Do total de 75,5 milhões de ocupados (de acordo com a PNAD de 2001), estão formalmente garantidos apenas 38% (entre celetistas, militares e funcionários públicos). "Mais de 40 milhões não contribuem para a Previdência. Sem reverter a precarização, a Previdência entrará em colapso", avalia Mendonça.

Para o professor Hélio Zylberstajn, a absurda taxação da Previdência é o terceiro grande fator responsável pela baixa geração de emprego nos anos 90, junto com os efeitos da abertura e o baixo crescimento econômico.

A taxação do empregado representa um custo adicional de 40% à empresa, diz Zylberstajn. "E eu não estou falando de direito, não estou falando do custo do 13º salário, do FGTS, das férias", diz ele. Apenas sobre a Previdência, explica, a empresa recolhe um adicional de 20% de sua folha de salários e fora deste percentual há a contribuição do empregado, que varia de 7% a 11% do salário. "Qualquer política que pretenda reduzir a informalidade precisa reduzir esse custo. Não dá para pensar em reforma trabalhista sem pensar nessa questão", avisa o professor. "E não estou defendendo que se mexam nos direitos", insiste.

Os especialistas divergem se a precarização e a informalização da ocupação são movimentos que chegaram ao limite ou ainda vão ocupar maior espaço no mercado de trabalho brasileiro. Para Ramos, do Ipea, a situação está no limite. Em momentos de retração econômica como o atual, as ocupações precárias crescem, "mas o ajuste estrutural do emprego já foi feito e pode-se esperar uma estabilização ou até mesmo uma redução na informalização ", avalia ele. Mendonça, do Dieese, acredita que o fim está próximo apenas no setor privado, mas não no setor público. "Não dá para saber se o processo de informalização se esgotou. Inclusive, nos últimos anos, têm crescido a terceirização no setor publico", diz ele.

Ramos, do Ipea, acrescenta outra preocupação para o futuro do emprego. "Ele hoje vem a reboque da atividade econômica", argumenta. Primeiro a atividade cresce com consumo impulsionado por crédito e com utilização da capacidade instalada. Depois, ela traz maior criação de postos de trabalho.
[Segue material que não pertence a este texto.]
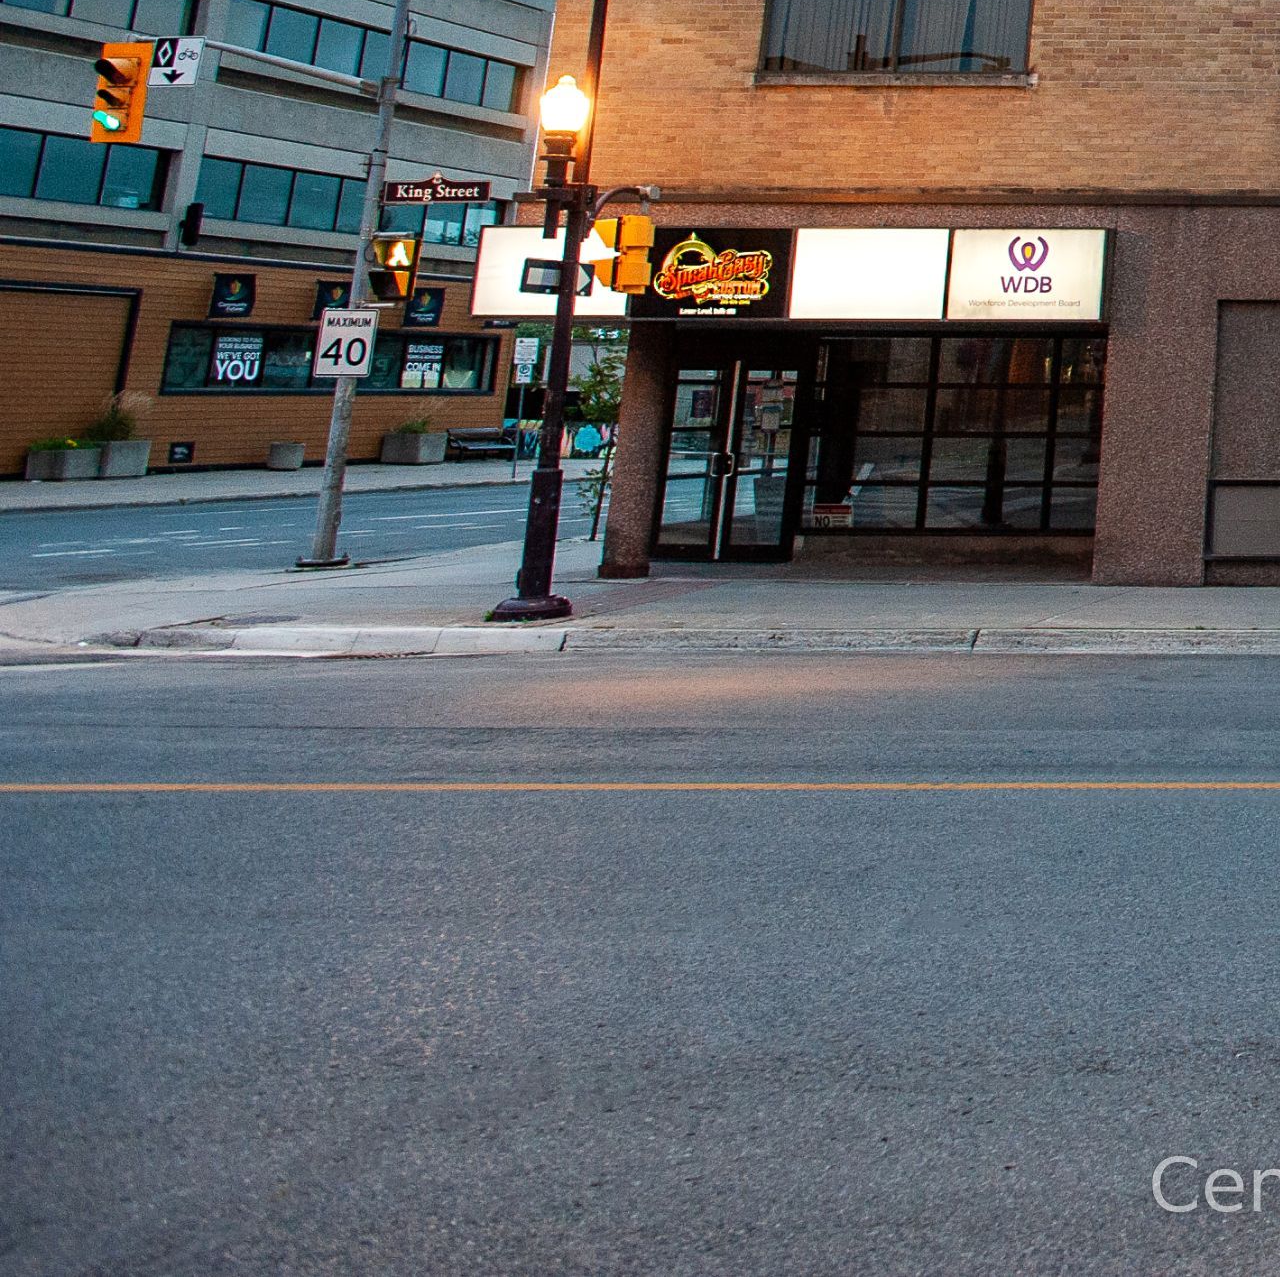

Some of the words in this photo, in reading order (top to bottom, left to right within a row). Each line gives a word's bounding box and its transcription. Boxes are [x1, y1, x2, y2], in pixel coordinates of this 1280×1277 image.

[396, 184, 433, 201] King
[435, 184, 480, 198] Street
[1000, 275, 1053, 294] WDB
[968, 299, 1006, 308] Workforce
[1007, 299, 1057, 310] Development
[1058, 299, 1081, 308] Board
[326, 317, 372, 328] MAXIMUM
[243, 352, 261, 360] GOT
[320, 337, 367, 367] 40
[215, 359, 260, 381] YOU
[406, 362, 432, 372] COME
[432, 362, 442, 372] IN
[815, 515, 830, 528] NO
Mesmo assim, as indústrias mais avançadas tecnologicamente - aquelas que geram valor e permitem ganhos mais intensos de produtividade para a economia como um todo - "são poupadoras de mão-de-obra", lembra Mendonça.

O ministro do Trabalho Jacques Wagner, deixou esse recado na abertura da Conferência Estadual do Trabalho, em fins de agosto em São Paulo: "Não vamos vender ilusão. Reforma sindical e trabalhista não geram emprego. Faz uma década que as pessoas falam que o negócio é desregular, desregular. Vamos à Europa, e a reforma não criou emprego. Na Argentina, também não. É óbvio que temos que avançar e ter uma relação mais transparente, mas o que vai gerar emprego é o crescimento da economia".
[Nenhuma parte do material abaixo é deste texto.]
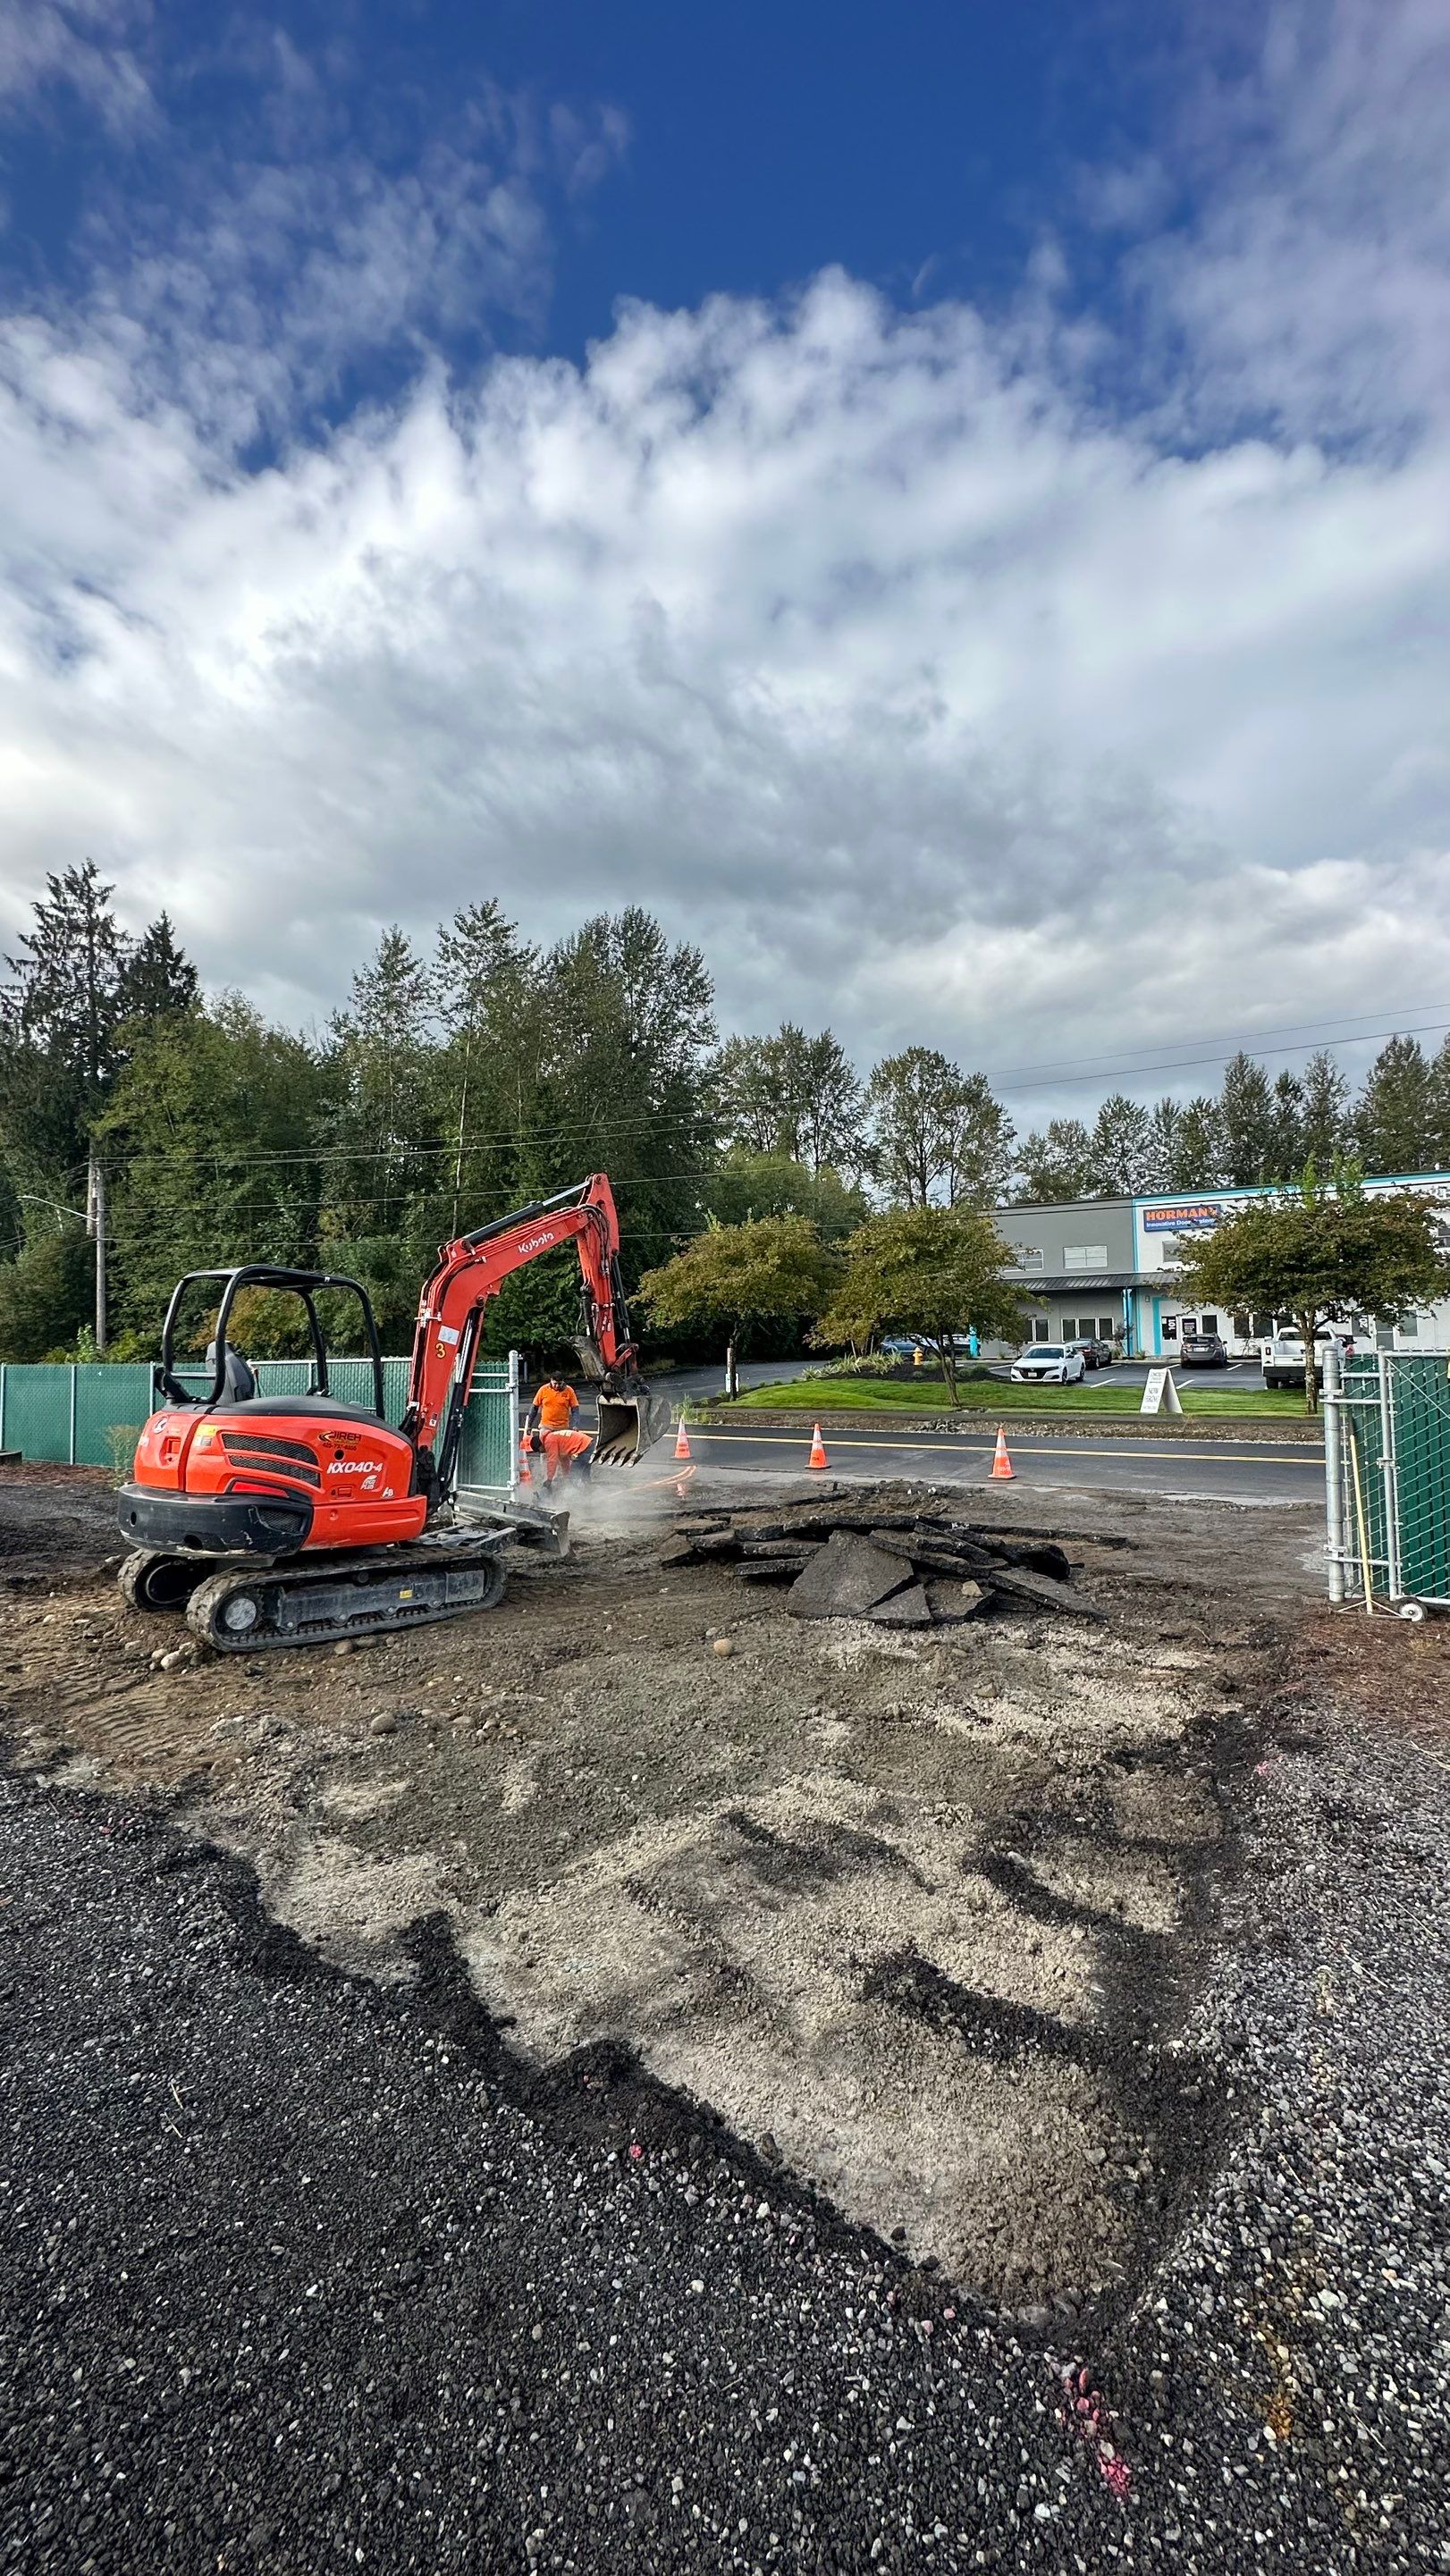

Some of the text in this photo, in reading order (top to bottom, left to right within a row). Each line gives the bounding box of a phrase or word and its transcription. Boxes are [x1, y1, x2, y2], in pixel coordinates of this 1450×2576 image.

Para Pochmann, as empresas já fizeram a reforma trabalhista. Agora, o país precisa de uma reforma do trabalho e não do emprego assalariado. É preciso discutir como trazer para dentro, os 40 milhões que estão fora.

A inclusão dos "alegais", contudo, parece fora da agenda. Na composição do Fórum Nacional do Trabalho, organismo criado pelo Ministério do Trabalho para debater as reformas sindical e trabalhista, este setor não está representado. Quem está lá representa os 35% de ocupados com direitos garantidos. Quem vai incluir no debate os já excluídos?